Barefoot with a Stranger (Barefoot Bay Undercover #2)(70)
Except for helping him navigate the winding, unpaved roads without benefit of headlights, Chessie had been quiet, even when she found out where they were going. Was she upset about the bug in the room and what they did to escape? Brimming with questions she knew he couldn’t answer? Or, as he was, fighting the feeling of slipping closer to someone who was wrong on so many levels?
Still silent, she reached over the seat and dug into her bag, producing a pair of sneakers. After she put them on, she resituated herself against the passenger door, far away from him.
Too far away. Mal lifted his hand along the bench seat, letting his fingers graze her bare shoulder. His need to touch her—constantly—was more intense than ever. Real sex, fake sex, hopeless sex—whatever the hell they called it—had done nothing to satisfy his craving for her. It only made things worse.
“C’mere,” he said, giving her bra strap a little tug. “There has to be some advantage to no seat belts and no console. Sit next to me, Francesca.”
Before she moved, she shot him a look. “I know what you’re doing when you say my name like that.”
“Addressing you?”
“You want to get intimate.”
“While driving without headlights? I think we’ve had enough adventurous sex for one evening.” Although, he always wanted more.
She scooted over and dropped her head on his shoulder. “There are other kinds of intimacy,” she said.
Like a sweet girl laying her head on his shoulder as if she depended on him for security and happiness and love and a whole host of other things a guy like Mal couldn’t supply.
“For example,” she continued. “Sharing the truth with a person.” She sat up straight and looked at him, but Mal kept his concentration on the dark road ahead. “Truth with a person who just proved she’s up to field snuff.”
He gave her a squeeze. “You were amazing. I’d brag to your brother about what a great spy you’d make, but I like my balls and don’t want him to cut them off.”
“Gabe of all people would know you do what you have to, right?”
“True,” he agreed. “And, Francesca Rossi, don’t listen to the voice inside your head telling you that you don’t have what it takes to do what your siblings and cousins do. You’re rock solid.”
He could practically feel her smile. “Then tell me the whole Robin Hood story because you know you can trust me.”
He didn’t answer, but turned onto another side road, glancing in the rearview, confident they hadn’t been followed.
“Then I’ll just ask questions and figure it out on my own,” she said, impatience adding an edge to her tone.
After watching her in action at the municipal, he didn’t doubt that she had the intelligence and determination to do just that.
“But you have to make me a promise,” she said.
Whatever it was, he already knew he’d say yes, just like he knew she was going to get the whole story out of him one way or another.
“That you’ll tell me when I’m right or wrong. Like twenty questions.”
“Okay,” he agreed, because he knew she’d start the process with or without his consent. “Log on and start hacking my brain.”
She shifted as if she needed to settle and get comfortable. “Okay, you stole five hundred thousand dollars from a government account that funded certain activities at Guantanamo Bay when you were a guard there, except you were not a guard, you were an undercover spy for the CIA. And you stole that money to help someone in trouble, right?”
He stayed perfectly still, then he shook his head.

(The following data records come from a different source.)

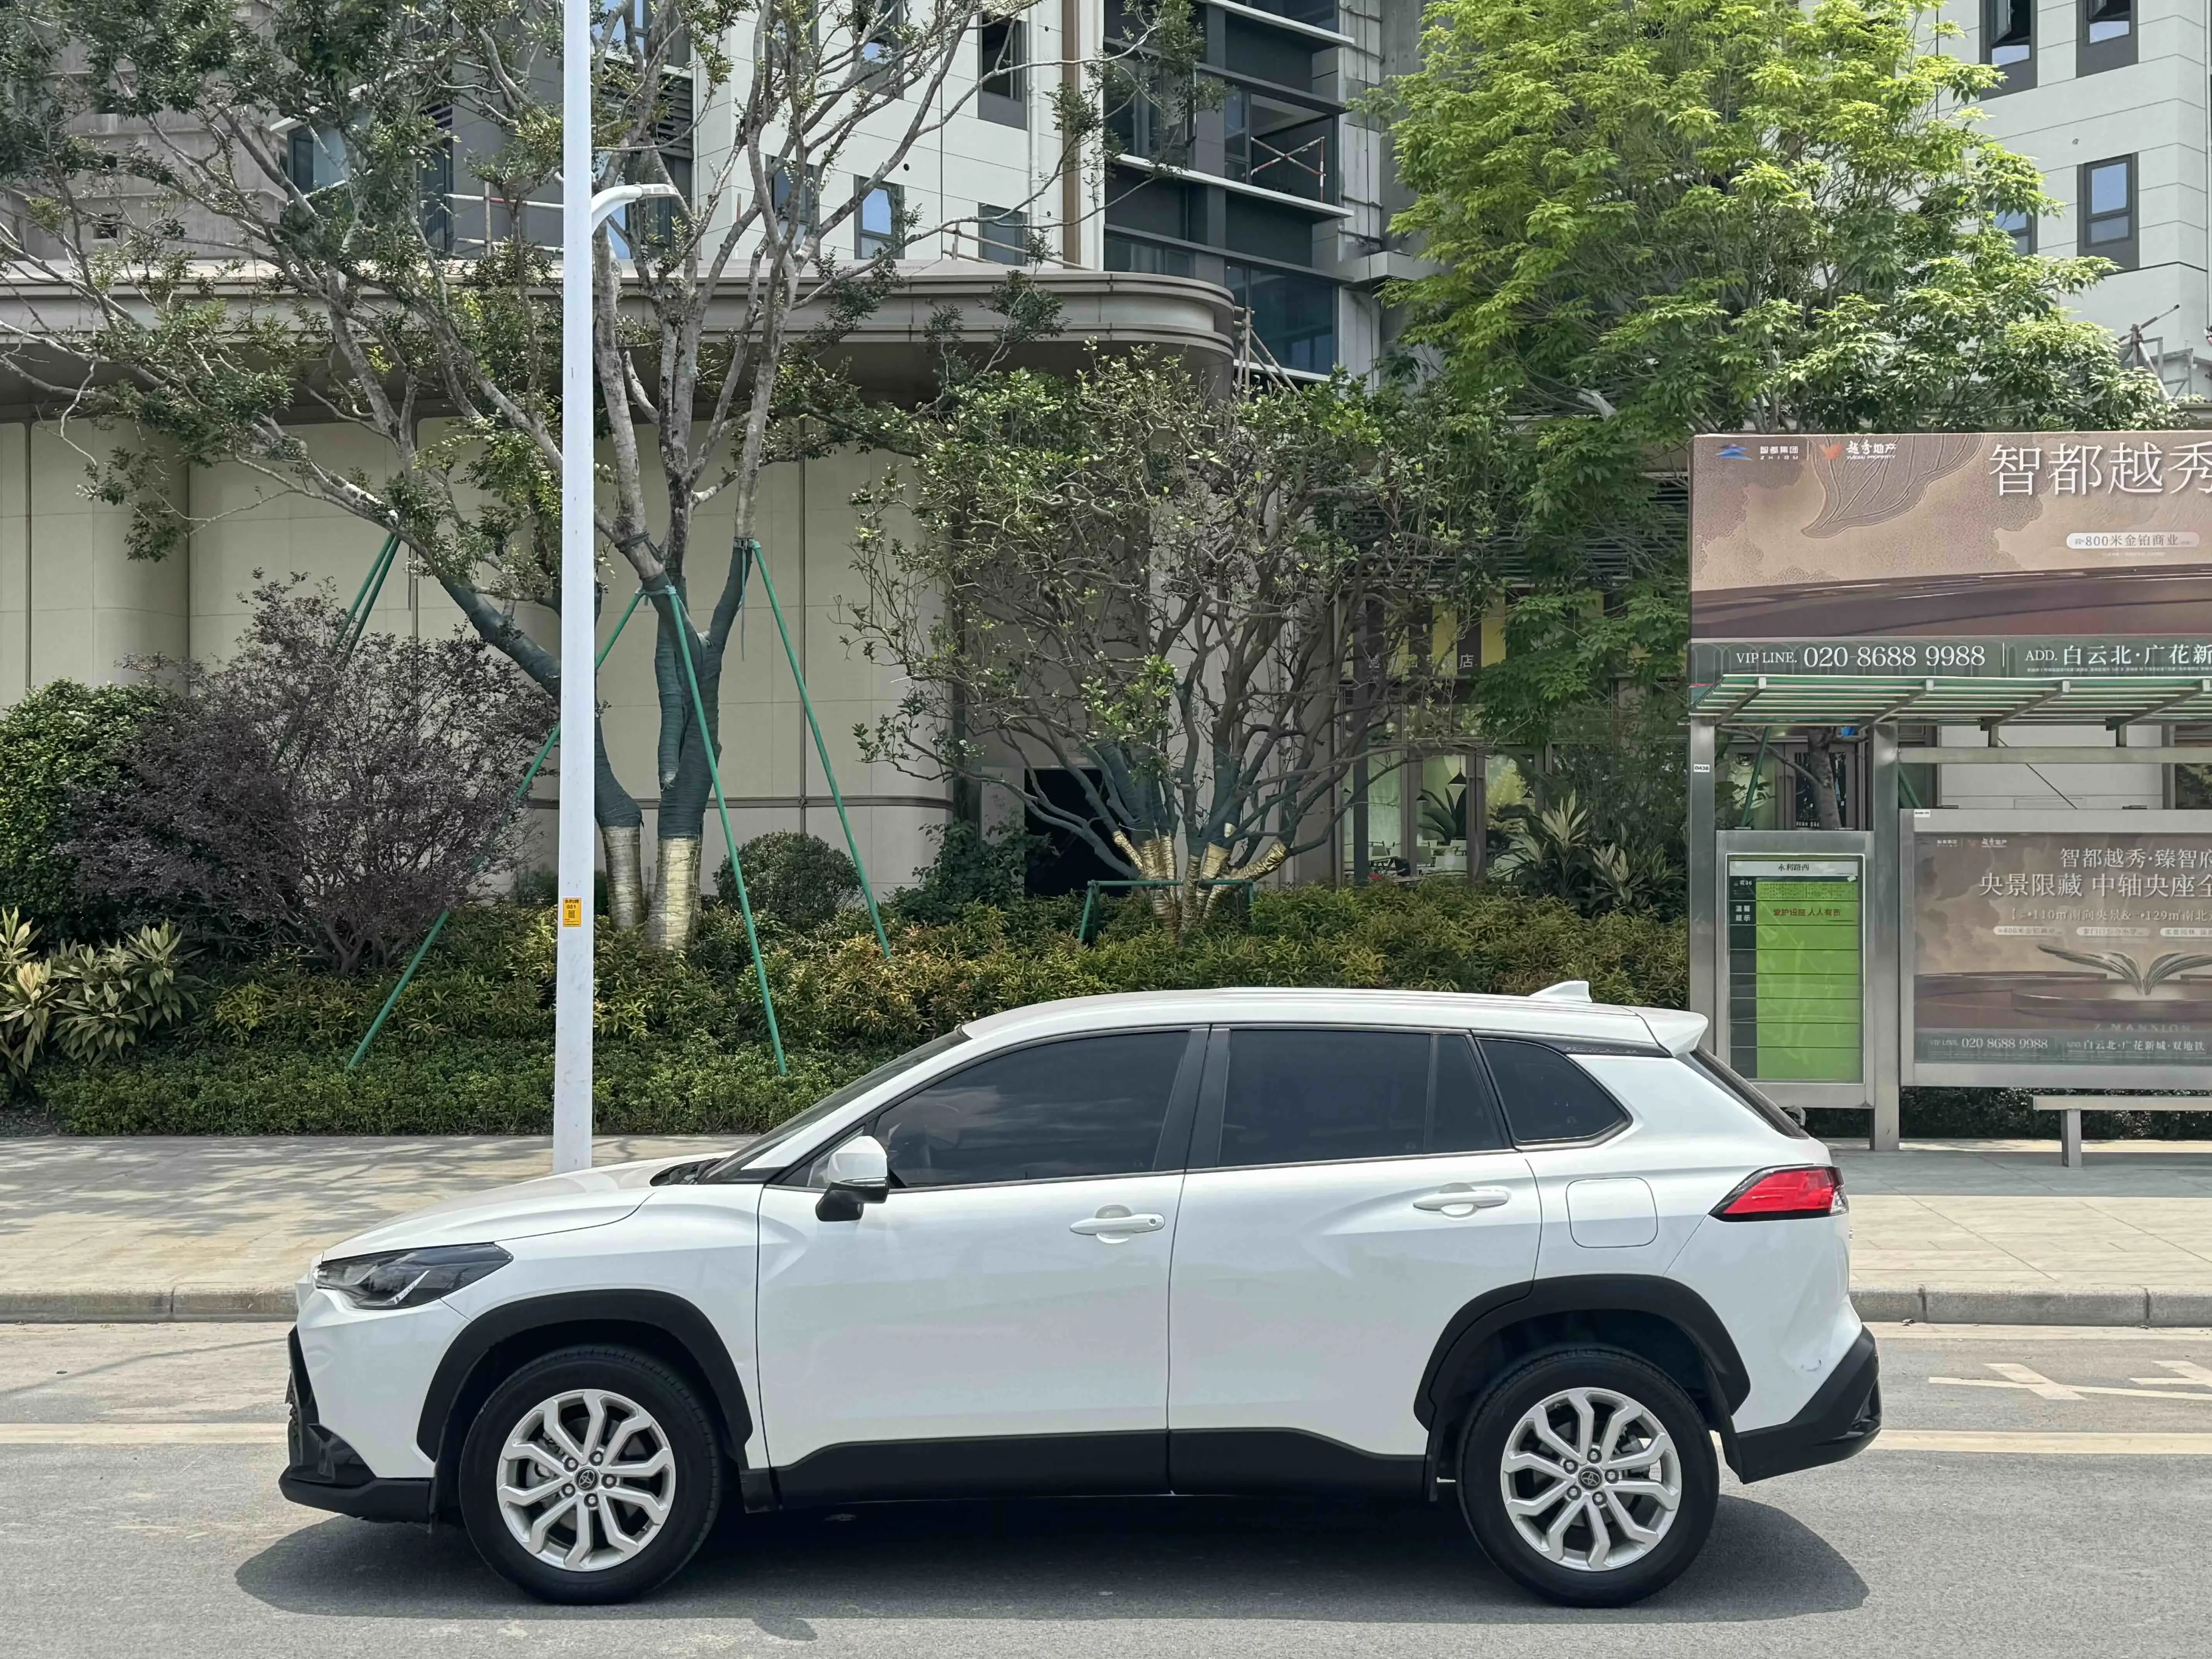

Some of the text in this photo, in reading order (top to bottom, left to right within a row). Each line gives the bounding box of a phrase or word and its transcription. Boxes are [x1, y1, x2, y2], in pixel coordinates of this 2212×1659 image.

[1846, 439, 1896, 454] 越秀地产
[1989, 441, 2212, 496] 智都越秀
[1736, 652, 1759, 663] VIP
[1762, 652, 1797, 663] LINE.
[1925, 646, 1985, 666] 9988
[2024, 650, 2057, 661] ADD.
[1978, 872, 2082, 897] 央景限藏

“Oh, really? Something in that statement wasn’t right?” She turned to him. “You stole five hundred thousand…”
He swallowed. Hard.
“You didn’t steal five hundred thousand dollars?”
He let out a slow, low sigh, and she put both hands on his thigh and squeezed. “You stole more?”
“No.”
“Less?”
“No.”
“Ohhh.” She had that nice, satisfied tone in her voice, like when she tore down a firewall with her flying fingers. “You didn’t steal the money. Someone else did, and you took the blame.”
He ripped his gaze from the road to give her a look. “You sure you didn’t train to be a spy, or is interrogating a genetic gift in your family?”
She gave a dry laugh. “Okay and, wow, okay.” She dragged out the last word with the sound of appreciation in her voice.
“What does that mean?”
“It means my lover isn’t a thief.”
Something in the vicinity of his chest felt like it cracked a little. Her lover? Not a thief? As true as both those statements might be, he didn’t dare hope. “Tell that to the US government.”
“Someone should.” She turned in her seat to face him again. “And your name would be cleared.”
“If only it were that easy.” If Alana got arrested for the crime, there was no telling what would happen to the kids. Maria was twelve now, so she’d be shipped off to some heinous place near Havana. Jorge would be ten, so he’d go to military training. And Solana had been two the last time he’d seen her, and she was just a little heartbreaker.
“The money was never recovered,” he added, mostly for the reaction he knew he’d get.